Defender un deseo
Debido a su interés desde siempre por el ser humano, Nayive ha decidido estudiar psicología. Actualmente está en su sexto semestre y, nos dice que, “tanto su programa de estudio, el de psicología, como todos los ofrecidos en dicha Universidad, son considerados como de un enfoque humanista”.
Desde los siete años, Nayive ha consultado una gran variedad de terapias. En la actualidad, a sus veinte años dice, “no comprendía por qué a pesar de que hacía todo lo que me decían que tenía que hacer, mi situación parecía empeorar”.

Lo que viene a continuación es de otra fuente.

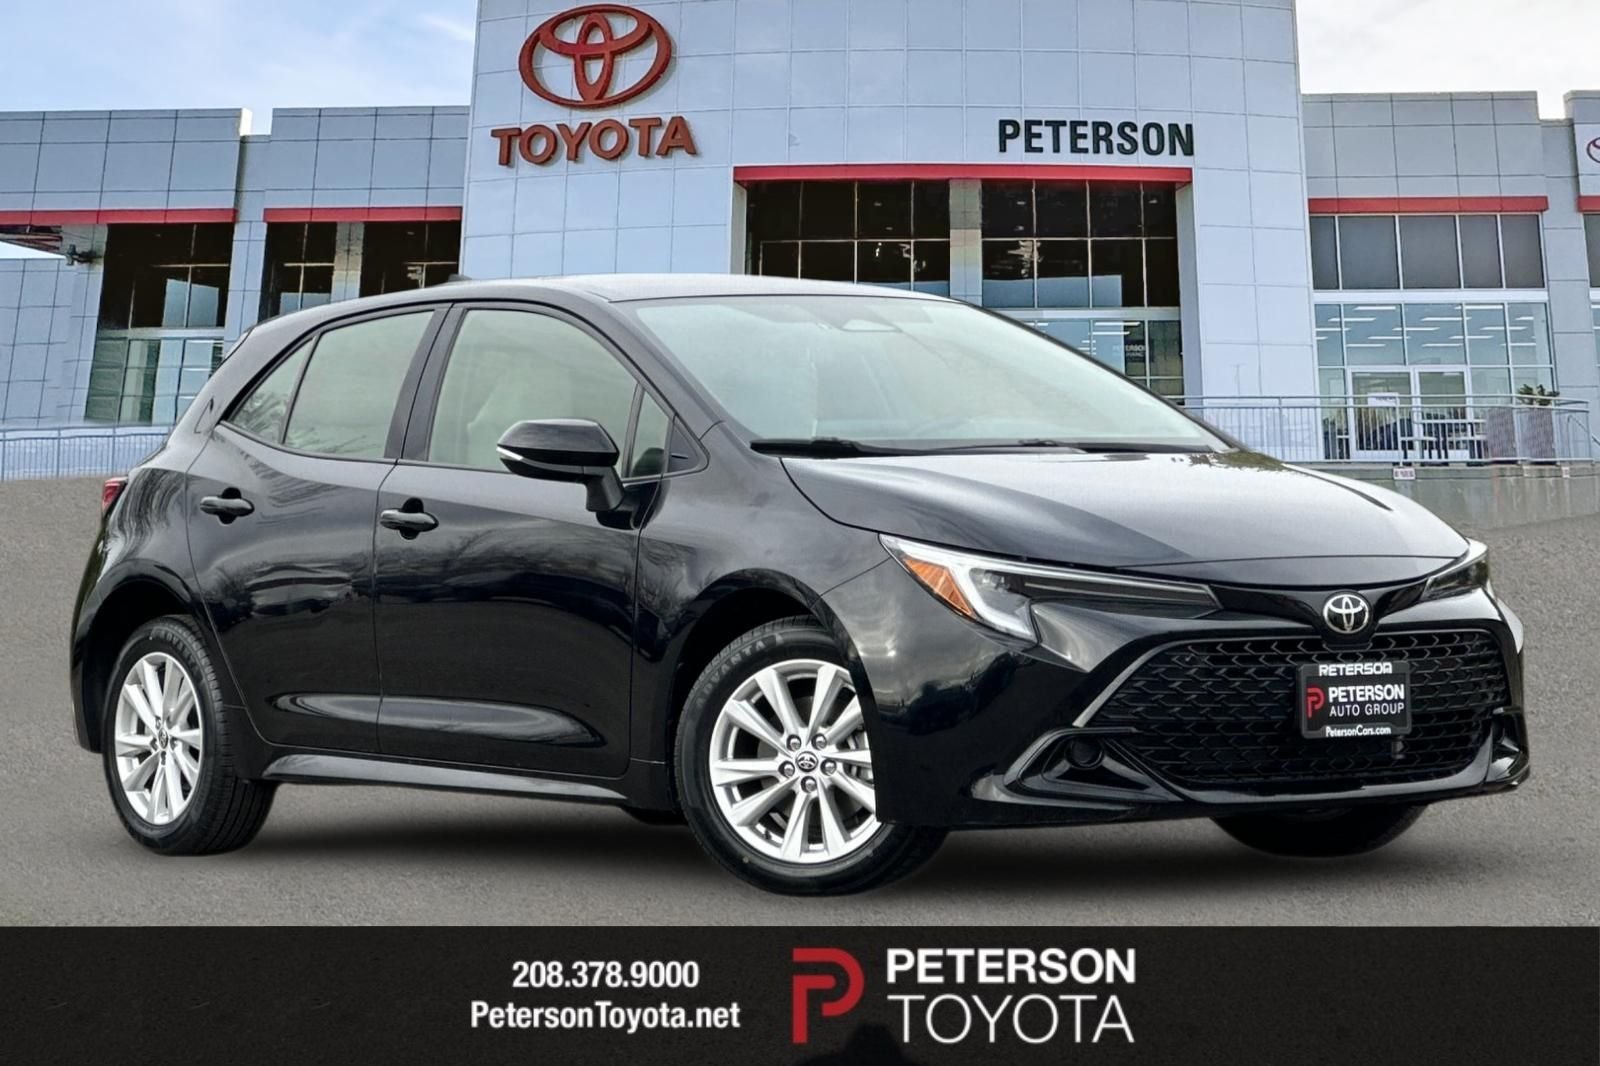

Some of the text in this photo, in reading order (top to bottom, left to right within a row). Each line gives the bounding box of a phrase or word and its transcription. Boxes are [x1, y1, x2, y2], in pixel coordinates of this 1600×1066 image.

[491, 115, 697, 167] TOYOTA
[998, 119, 1194, 157] PETERSON
[1328, 684, 1404, 703] PETERSON
[1329, 702, 1405, 717] AUTO GROUP
[1325, 724, 1391, 737] PetersonCars.com
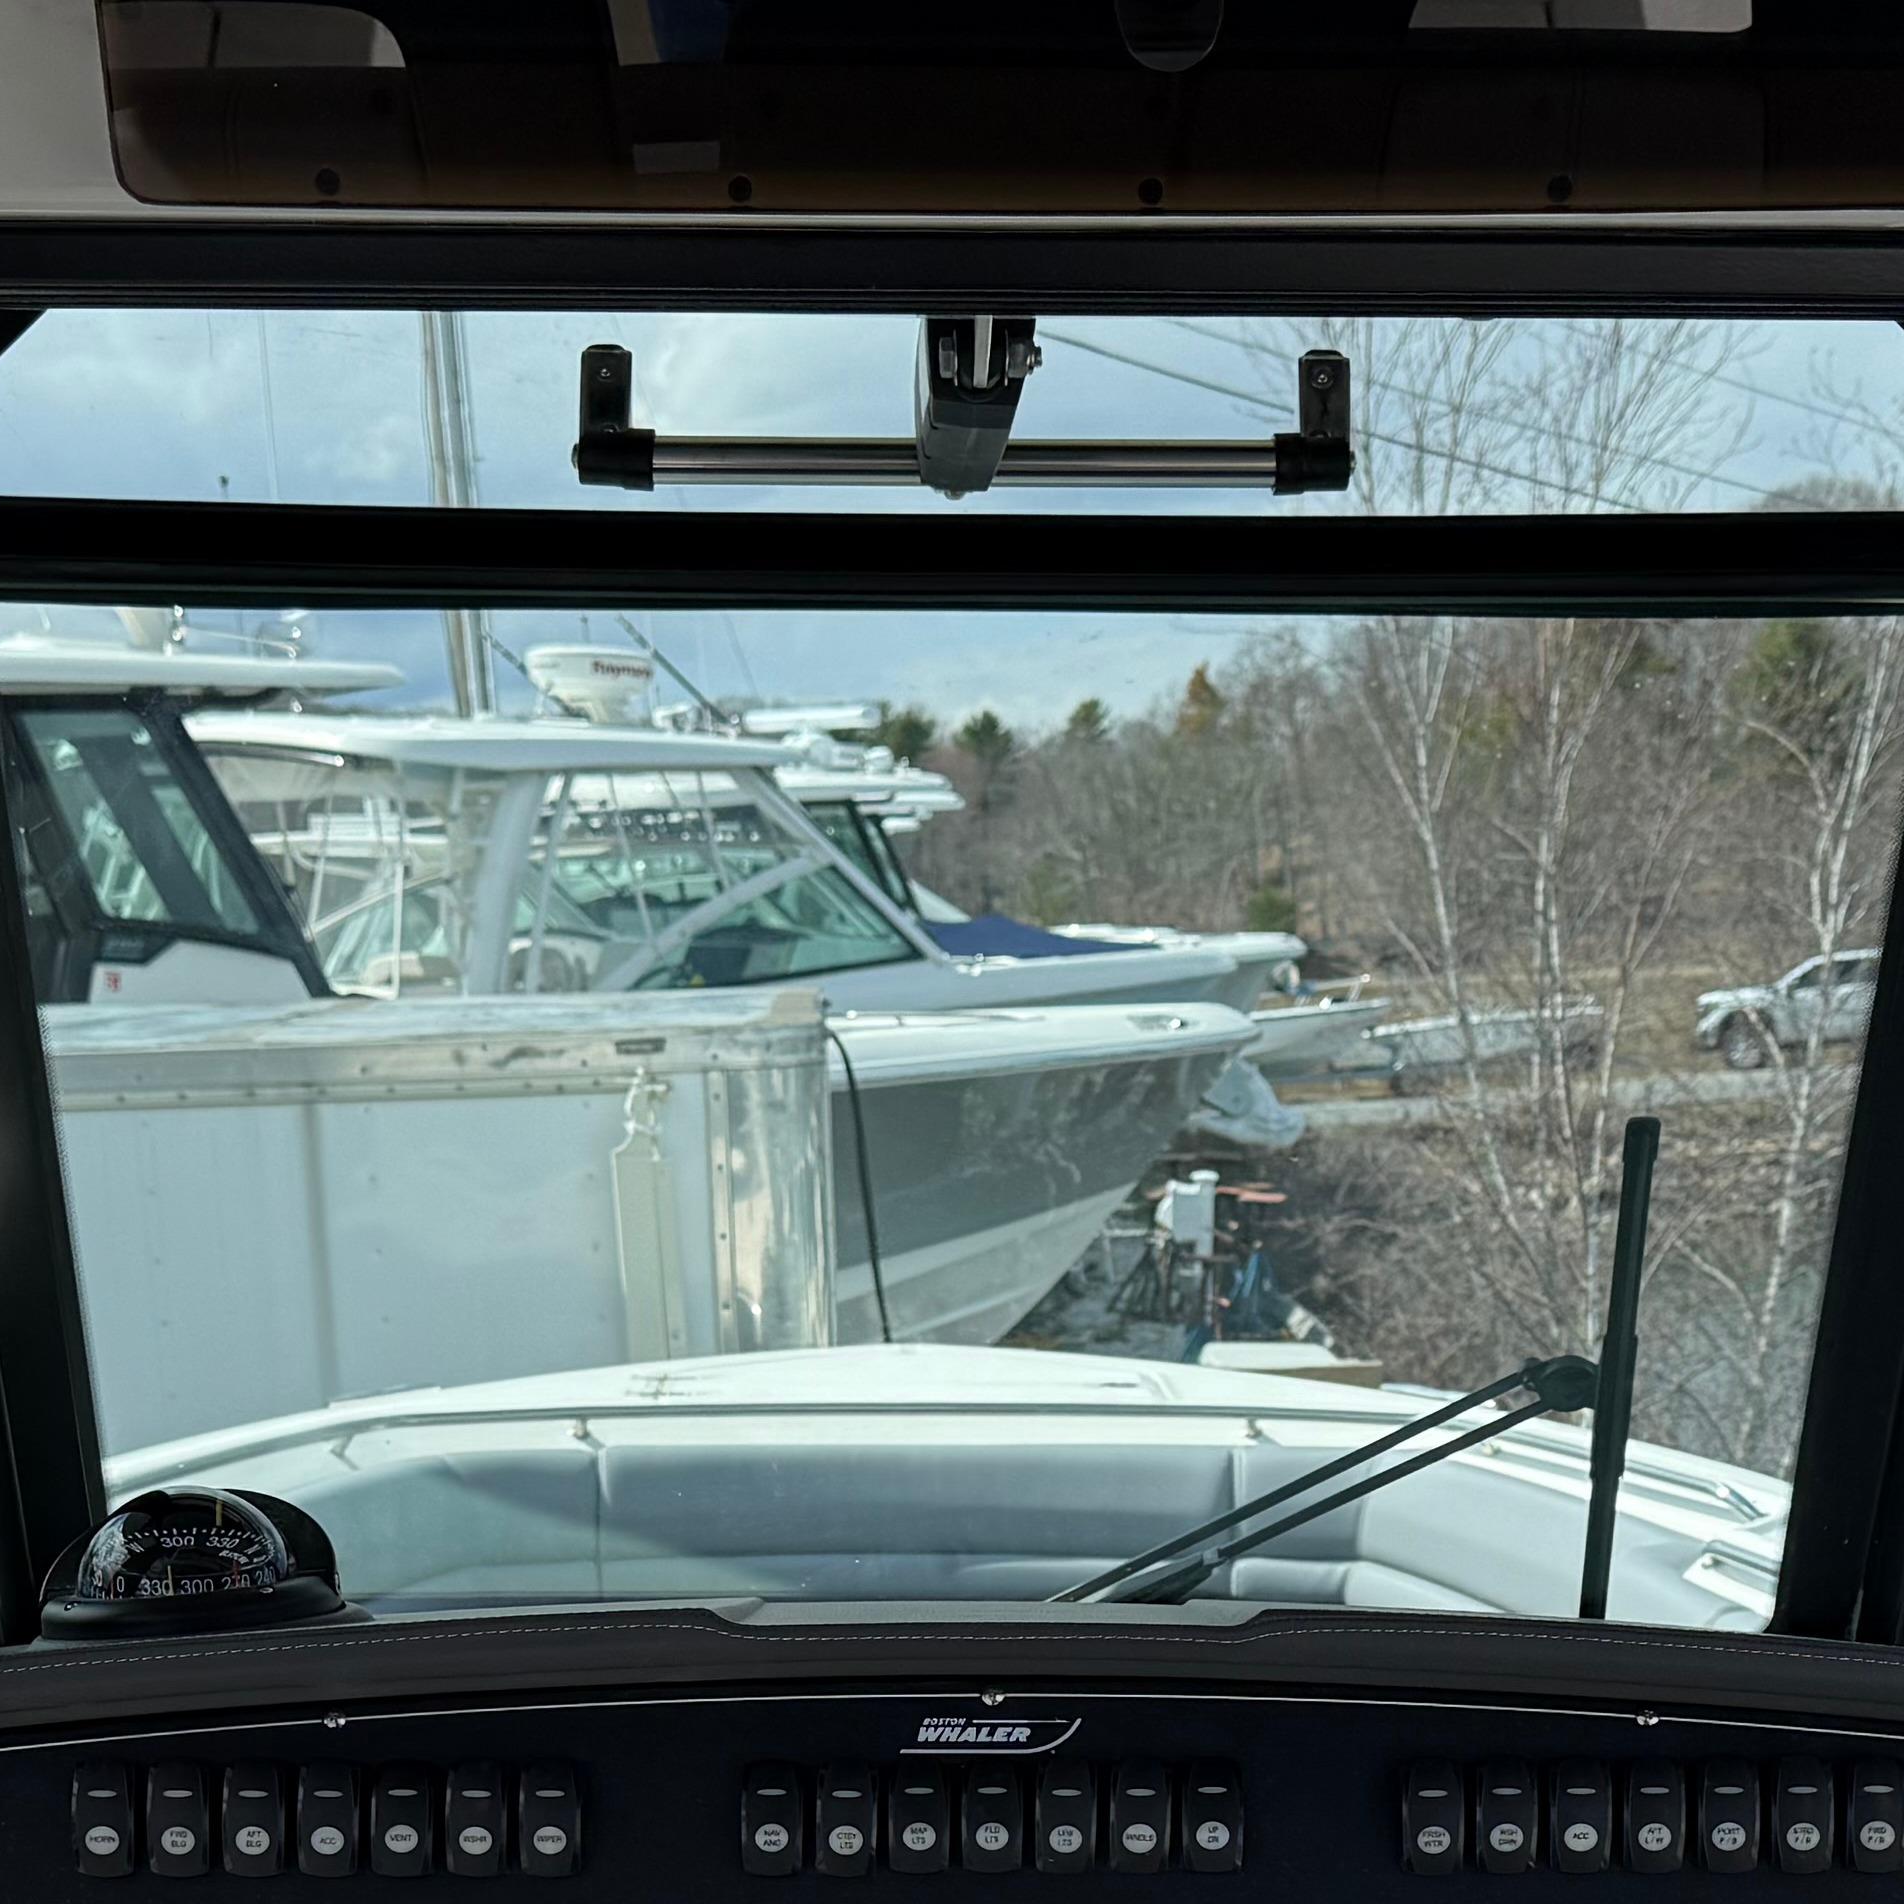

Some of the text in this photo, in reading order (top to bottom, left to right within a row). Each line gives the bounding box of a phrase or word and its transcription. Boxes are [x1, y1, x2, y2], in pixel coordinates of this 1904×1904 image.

[160, 1536, 195, 1548] 300
[206, 1536, 240, 1549] 330
[180, 1579, 214, 1595] 300
[923, 1717, 966, 1726] BOSTON
[917, 1726, 1031, 1742] WHALER
[247, 1830, 261, 1838] AFT
[389, 1834, 412, 1842] VENT
[1572, 1832, 1589, 1840] ACC
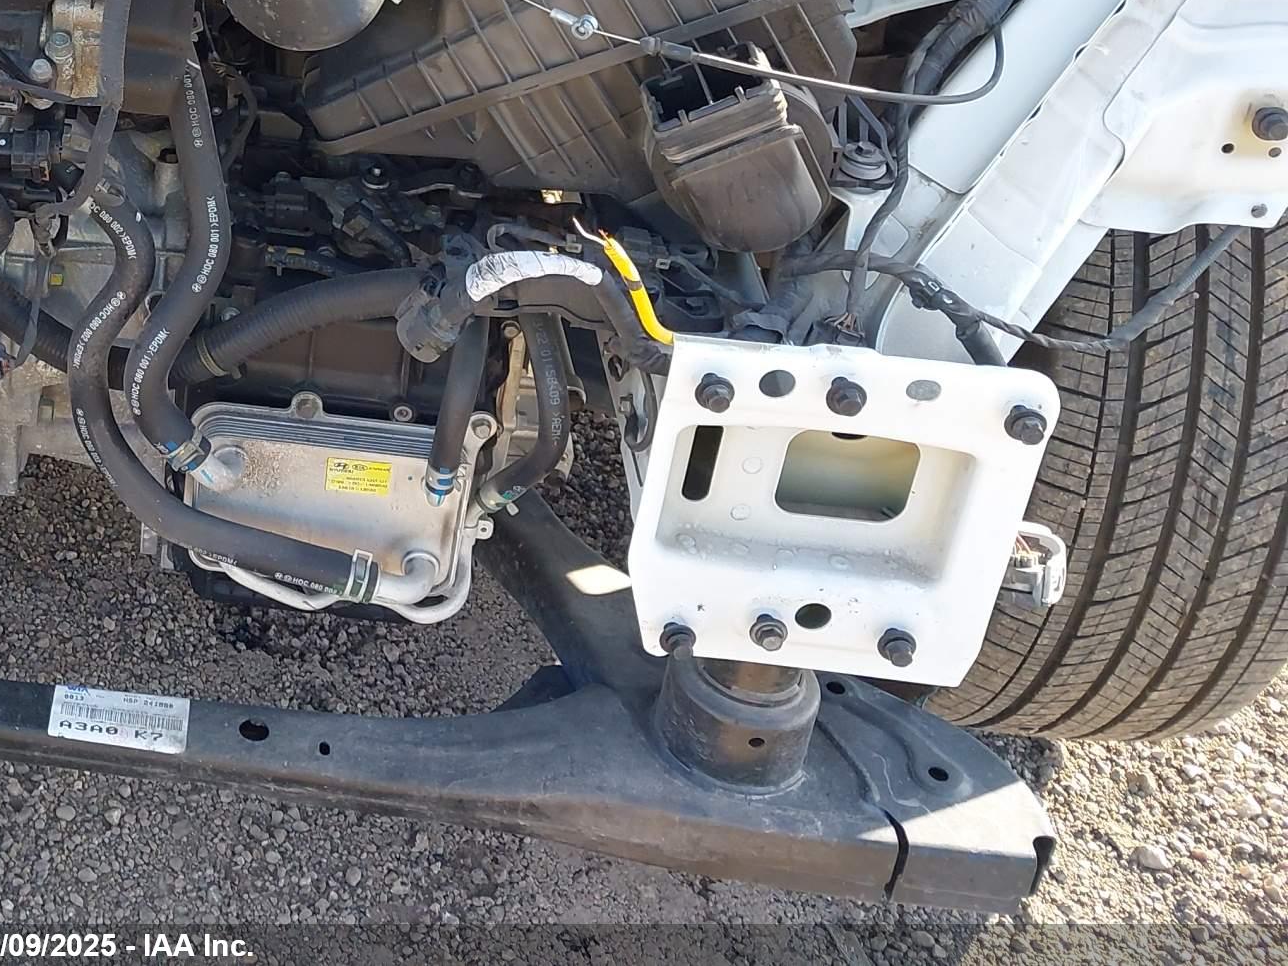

Tal vez una de las razones, continua Nayive, “estaba relacionada con eso de tener que hacer exactamente lo que me era dicho. Como esa misma parte, también mía, que se había obligado a sostener el deseo del Otro y con ello, desencadenando un par de situaciones complejas”.
O como diría el psicoanalista Jacques-Alain Miller sobre dichas prácticas: “El terapeuta de esas terapias se traga al amo y luego ordena, manda” (1). Pudiendo reforzar, la así llamada por Sigmund Freud instancia anímica, el superyó (2). La cual, además, es “la instancia que trabaja en el sujeto contra su bien” (3).
Su encuentro con el psicoanálisis, “se da en una de esas situaciones mencionadas. Allí aparece una mano amiga un lugar para mi singularidad, con el que antes no había contado”. Sobre esto último nos dice Nayive, el mismo lugar que ha buscado desde su infancia, “tanto en la familia, como en la academia”.
“Ni siquiera en la llamada universidad humanista, había encontrado un lugar que privilegia lo subjetivo y lo singular. Quedándose así en tela de juicio ese humanismo de eslogan”.
Tres años de experiencia analítica, según Nayive, “le permitieron comprender su verdad”. Ahora, “se trata de sostener el deseo propio y no el del Otro”. “Ya no se trata de buscar un lugar, sino crear un lugar. Incluso, en su formación como psicóloga donde el psicoanálisis no tiene cabida, ni siquiera se trata de defender el psicoanálisis pues este se defiende solo”.
Nayive cierra esta entrevista, relatando sus aventuras en Europa. Nos dice que, especialmente en su pasaje por algunos países, se ha sentido bienvenida y prácticamente ve psicoanálisis por donde va cruzando. “España y Francia le han maravillado siempre. En Alemania se dio un encuentro con una país que la ha dejado sorprendida. Se ha sentido acogida”.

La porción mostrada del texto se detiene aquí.